At first I wanted to give the RTG to a friend and in the end, my parents didn't want to part with him. After all, they are the ones who take care of the RTG everyday. Now for some tank mates!


----------



## eternity302 (Apr 22, 2010)

m_class2g said:


> At first I wanted to give the RTG to a friend and in the end, my parents didn't want to part with him. After all, they are the ones who take care of the RTG everyday. Now for some tank mates!


Glad you didn't leave!
Besides, your parent's were the one who saved him when he jumped out that night =) correct me if i'm wrong~ haha your fish's got new guardians now


----------



## m_class2g (Apr 21, 2010)

Your right! When I was on holidays, Goldie jumped out during feeding time. I guess got too excited lol. My mom had to grab him and toss him back into the tank!! Guess he's not going anywhere anymore!


----------



## m_class2g (Apr 21, 2010)

Two new additions/friends for Goldie. Thanks a lot for the severums Peter!


----------



## Ruf R (Jun 11, 2010)

Looking good mike
I'll post vids and pics soon


----------



## m_class2g (Apr 21, 2010)

Ruf R said:


> Looking good mike
> I'll post vids and pics soon


Thanks! Yes, lets see some pics of your collection!!!


----------



## m_class2g (Apr 21, 2010)

Peter. Another picture of your severums. They are doing great. Arowana is not bothering them!


----------



## AKAmikeross (Nov 5, 2012)

wow thats a really nice setup and beautiful aro.

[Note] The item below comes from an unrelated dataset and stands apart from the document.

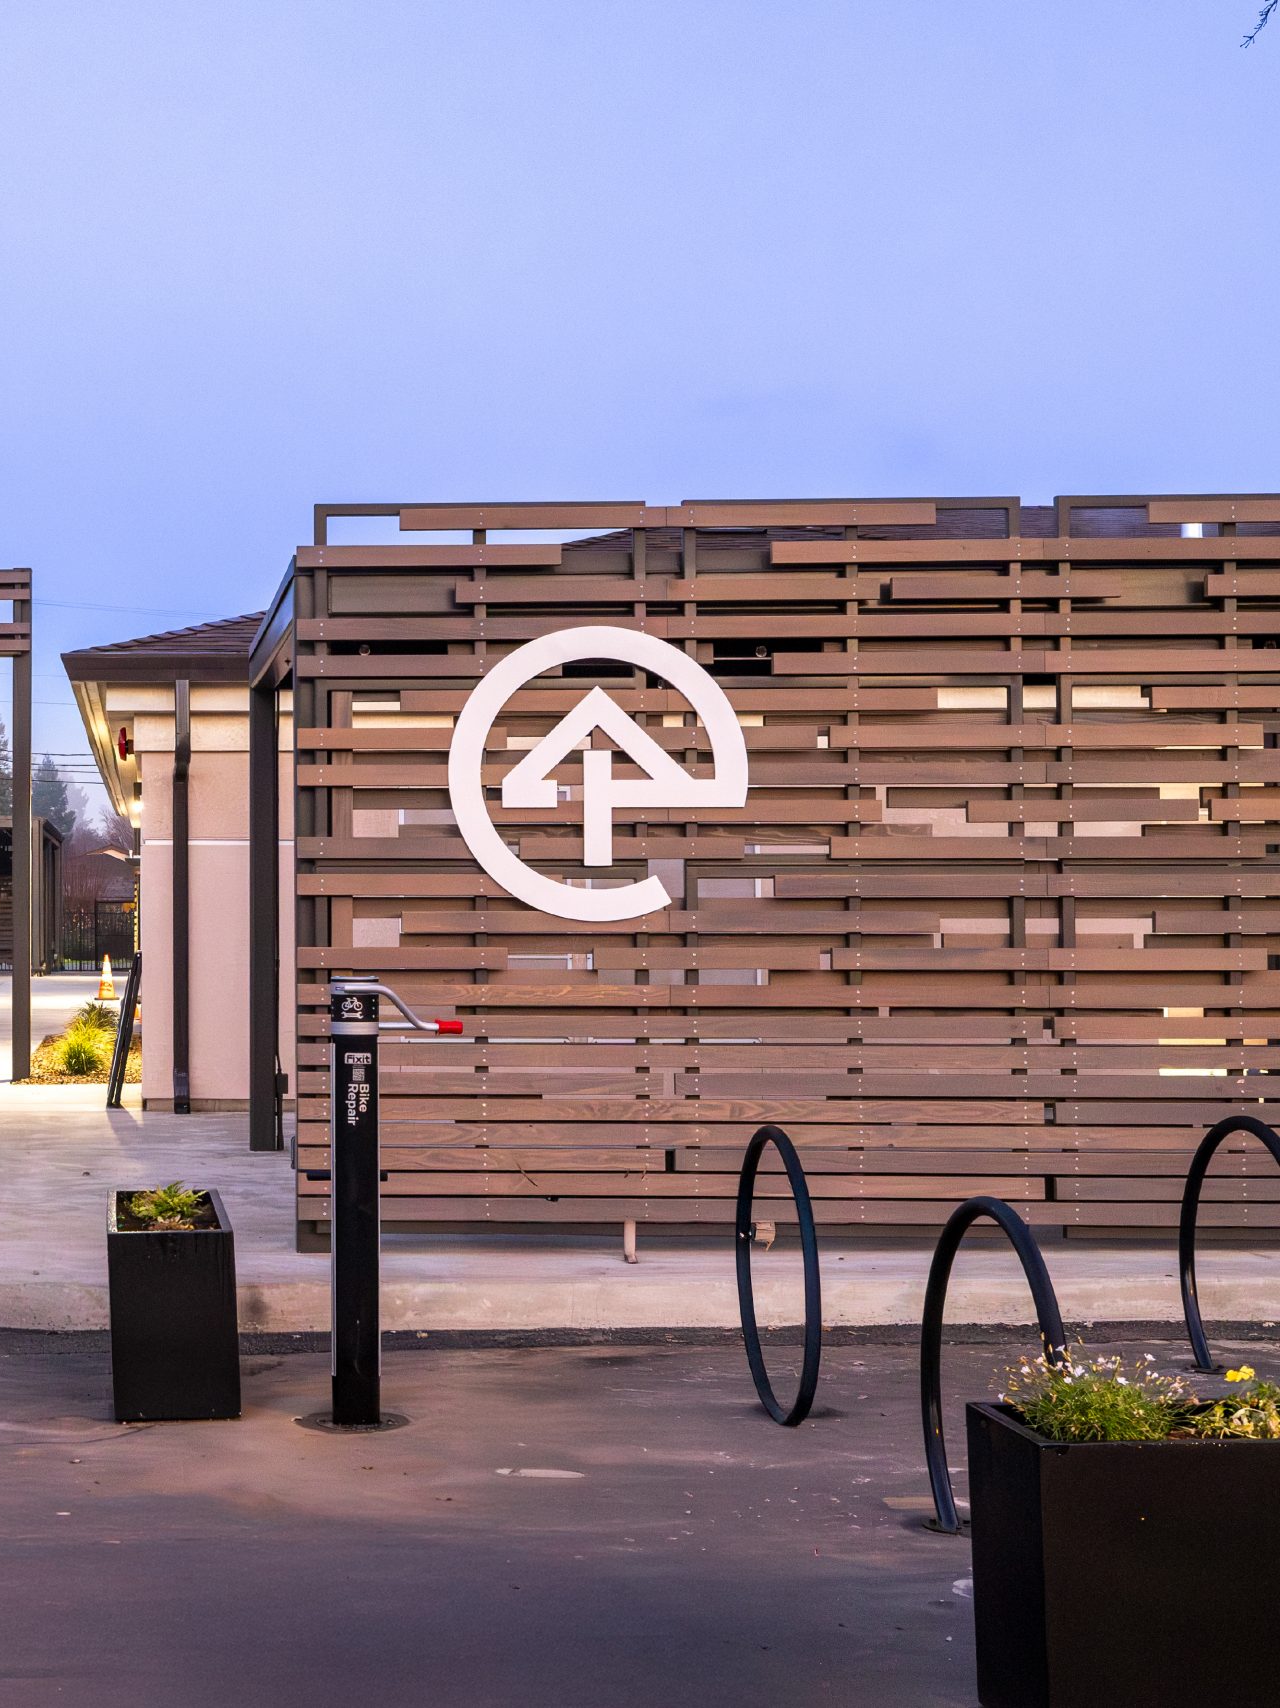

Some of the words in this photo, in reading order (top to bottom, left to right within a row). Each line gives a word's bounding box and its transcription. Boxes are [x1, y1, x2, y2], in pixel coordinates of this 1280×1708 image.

Can we get some info on the tank setup... what are the tank dimensions?

Is a 135g to small width wise to keep an aro? If I were to place a 10" aro in a 135g how long would it take to outgrow the tank... years?


----------



## m_class2g (Apr 21, 2010)

AKAmikeross said:


> wow thats a really nice setup and beautiful aro.
> 
> Can we get some info on the tank setup... what are the tank dimensions?
> 
> Is a 135g to small width wise to keep an aro? If I were to place a 10" aro in a 135g how long would it take to outgrow the tank... years?


Thanks for the kind words.

This tank setup is a 150 gallon acrylic tank from Tenecor. Using a sump filtration. 5x2x2 tank.

135 is 18 width i think? I think 5x2x2 should be the bare minimum for an arowana. 6x2x2 is better of course. I had this RTG in a 300 gallon but I sold most of my fish and want to keep it simple hence the downsize. 10 inch arowana in a 135 will last 1.5-2 years at the most.


----------



## stratos (Apr 21, 2010)

Looks great Mike. i am so glad it has all worked out.


----------



## m_class2g (Apr 21, 2010)

Thanks Theo! 

I'm glad I got that 150 back from you! I added the loach today. So just the 4 in the 150.


----------



## m_class2g (Apr 21, 2010)

pic with the loach added.


----------